Les rires couvrirent la voix du gros pavot. Les œillets s'en tenaient les côtes et les résédas se pâmaient. Mais, au lieu de se fâcher, il se remit à critiquer la forme et la couleur de la rose qui ne pouvait répondre ; tous les rosiers venaient d'être taillés et les pousses remontantes n'avaient encore que de petits boutons bien serrés dans leurs langes verts. Une pensée fort richement vêtue critiqua amèrement les fleurs doubles, et, comme celles-ci étaient en majorité dans le parterre, on commença à se fâcher. Mais il y avait tant de jalousie contre la rose, qu'on se réconcilia pour la railler et la dénigrer. La pensée eut même du succès quand elle compara la rose à un gros chou pommé, donnant la préférence à celui-ci à cause de sa taille et de son utilité. Les sottises, que j'entendais, m'exaspérèrent et, tout à coup, parlant leur langue :
- Taisez-vous, m'écriai-je en donnant un coup de pied à ces sottes fleurs. Vous ne dites rien qui vaille. Moi qui m'imaginais entendre ici des merveilles de poésie, quelle déception vous me causez avec vos rivalités, vos vanités et votre basse envie !
Il se fit un profond silence et je sortis du parterre.
- Voyons donc, me disais-je, si les plantes rustiques ont plus de bon sens que ces péronnelles cultivées, qui en recevant de nous une beauté d'emprunt, semblent avoir pris nos préjugés et nos travers.
Je me glissai dans l'ombre de la haie touffue, me dirigeant vers la prairie ; je voulais savoir si les spirées qu'on appelle reine des prés avaient aussi de l'orgueil et de l'envie. Mais je m'arrêtai auprès d'un grand églantier dont toutes les fleurs parlaient ensemble.
- Tâchons de savoir, pensai-je, si la rose sauvage dénigre la rose à cent feuilles et méprise la rose pompon.
Il faut vous dire que, dans mon enfance, on n'avait pas créé toutes ces variétés de roses que les jardiniers savants ont réussi à produire depuis, par la greffe et les semis. La nature n'en était pas plus pauvre pour cela. Nos buissons étaient remplis de variétés nombreuses de roses à l'état rustique : la canina, ainsi nommée parce qu'on la croyait un remède contre la morsure des chiens enragés ; la rose cannelle, la musquée, la rubiginosa ou rouillée, qui est une des plus jolies ; la rose pimprenelle, la tomentosa ou cotonneuse, la rose alpine, etc., etc. Puis, dans les jardins nous avions des espèces charmantes à peu près perdues aujourd'hui, une panachée rouge et blanc qui n'était pas très fournie en pétales, mais qui montrait sa couronne d'étamines d'un beau jaune vif et qui avait le parfum de la bergamote. Elle était rustique au possible, ne craignant ni les étés secs ni les hivers rudes ; la rose pompon, grand et petit modèle, qui est devenue excessivement rare ; la petite rose de mai, la plus précoce et peut-être la plus parfumée de toutes, qu'on demanderait en vain aujourd'hui dans le commerce, la rose de Damas ou de Provins que nous savions utiliser et qu'on est obligé, à présent, de demander au midi de la France ; enfin, la rose à cent feuilles ou, pour mieux dire, à cent pétales, dont la patrie est inconnue et que l'on attribue généralement à la culture.

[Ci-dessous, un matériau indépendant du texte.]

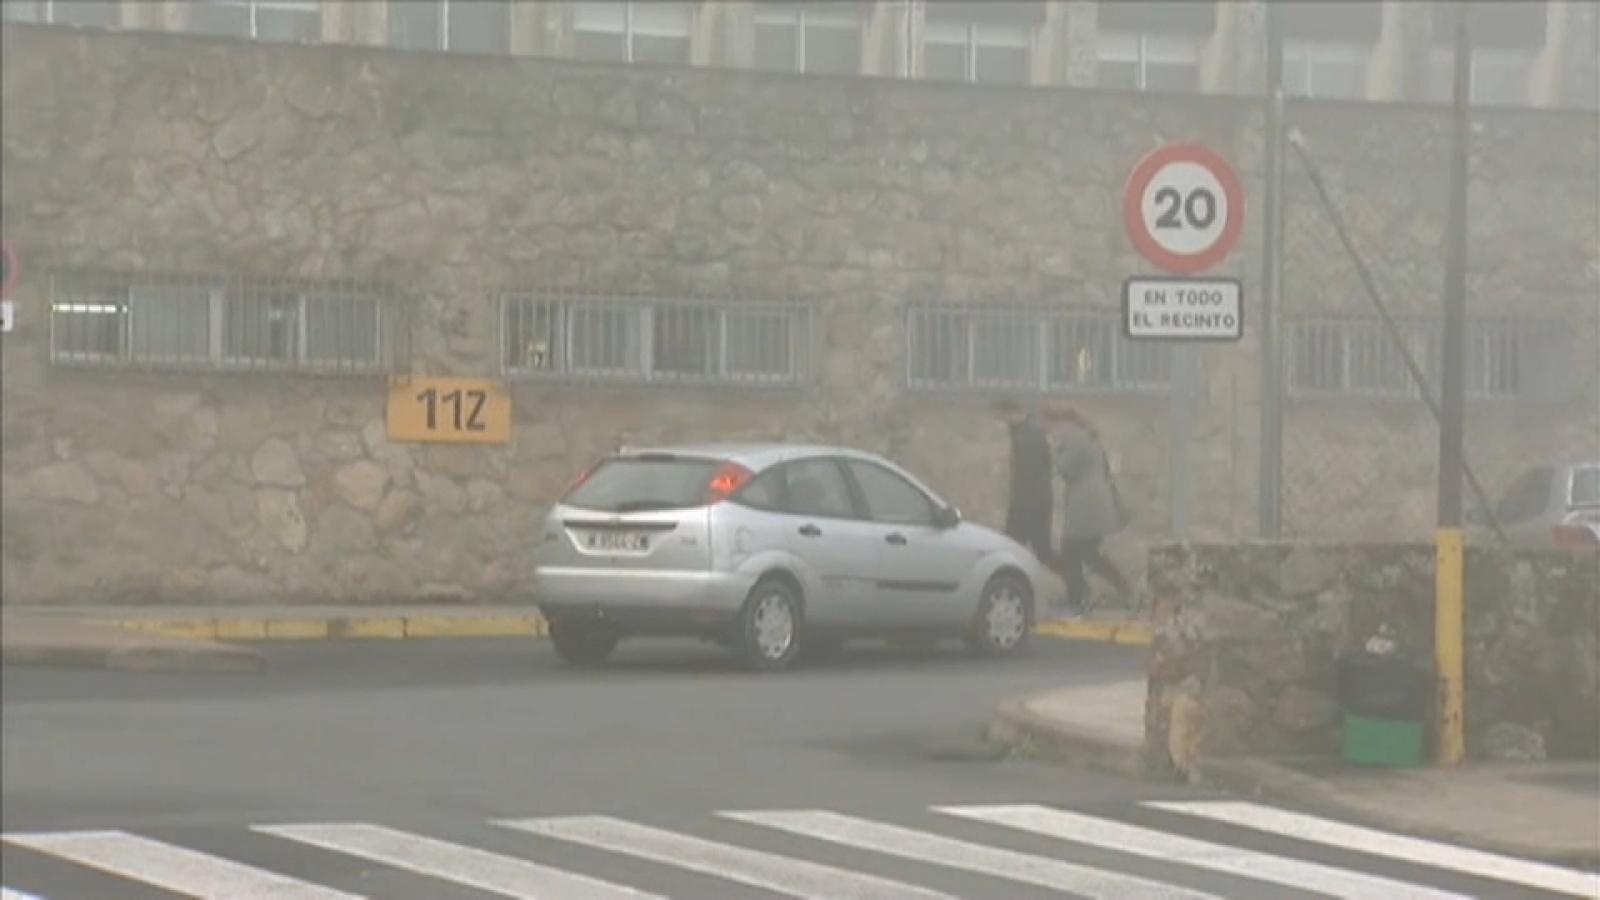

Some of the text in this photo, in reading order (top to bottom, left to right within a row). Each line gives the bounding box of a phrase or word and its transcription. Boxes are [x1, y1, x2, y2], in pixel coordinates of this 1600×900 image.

[1154, 186, 1216, 229] 20
[1144, 289, 1223, 306] EN TODO
[1132, 311, 1235, 329] EL RECINTO
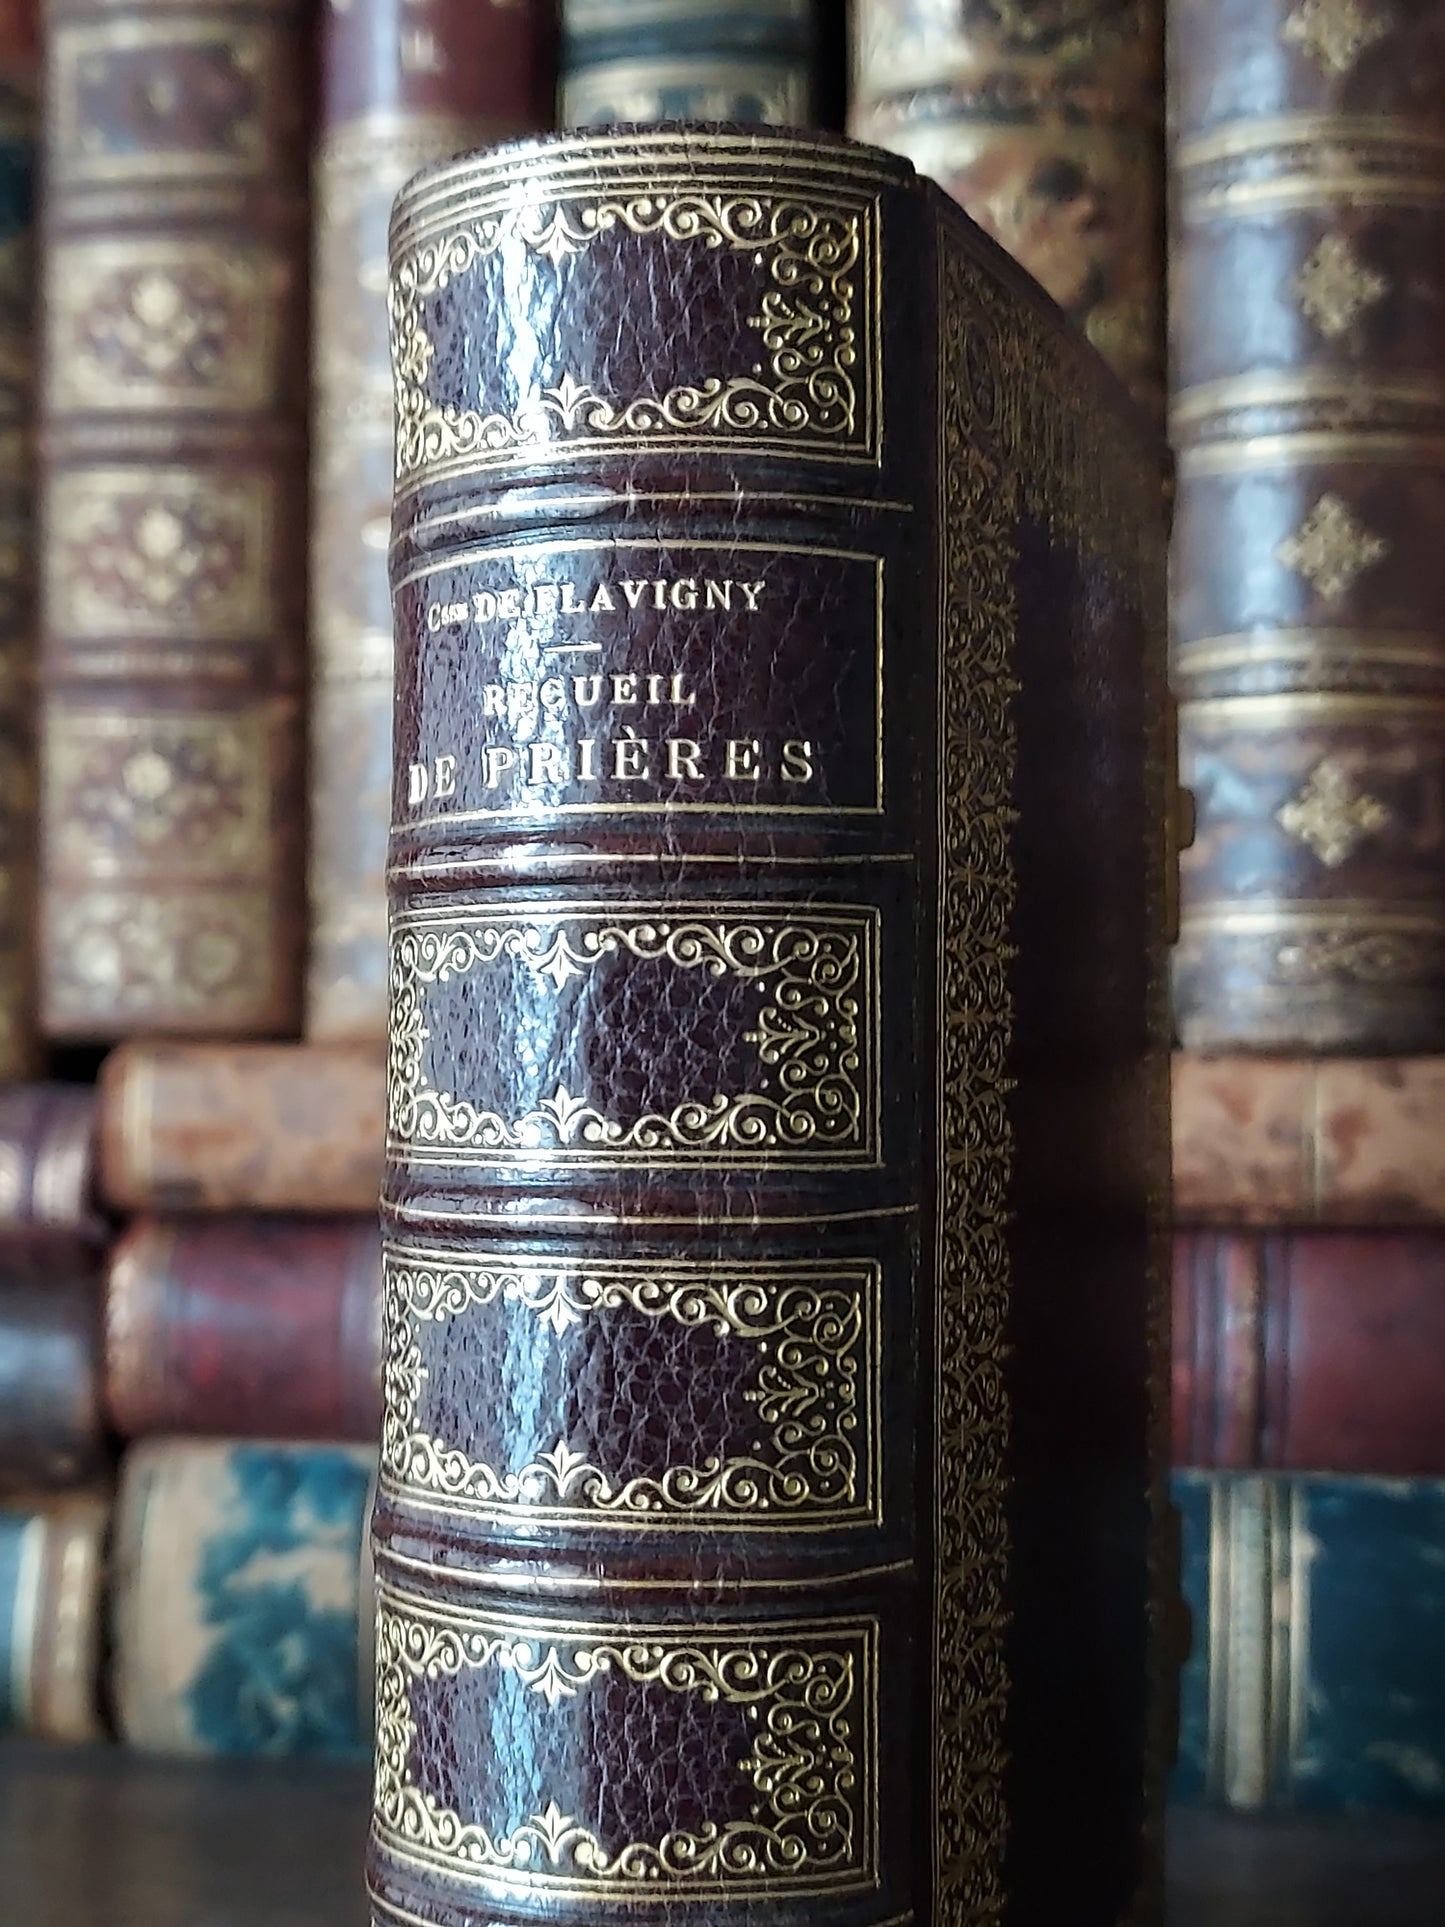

C'est cette rose centifolia qui était alors, pour moi comme pour tout le monde, l'idéal de la rose, et je n'étais pas persuadée, comme l'était mon précepteur, qu'elle fût un monstre dû à la science des jardiniers. Je lisais dans mes poètes que la rose était de toute antiquité le type de la beauté et du parfum. A coup sûr, ils ne connaissaient pas nos roses-thé qui ne sentent plus la rose, et toutes ces variétés charmantes qui, de nos jours, ont diversifié à l'infini, mais en l'altérant essentiellement, le vrai type de la rose. On m'enseignait alors la botanique. Je n'y mordais qu'à ma façon. J'avais l'odorat fin et je voulais que le parfum fût un des caractères essentiels de la plante ; mon professeur, qui prenait du tabac, ne m'accordait pas ce critérium de classification. Il ne sentait plus que le tabac, et, quand il flairait une autre plante, il lui communiquait des propriétés sternutatoires tout à fait avilissantes. J'écoutai donc de toutes mes oreilles ce que disaient les églantiers au-dessus de ma tête, car, dès les premiers mots que je pus saisir, je vis qu'ils parlaient des origines de la rose.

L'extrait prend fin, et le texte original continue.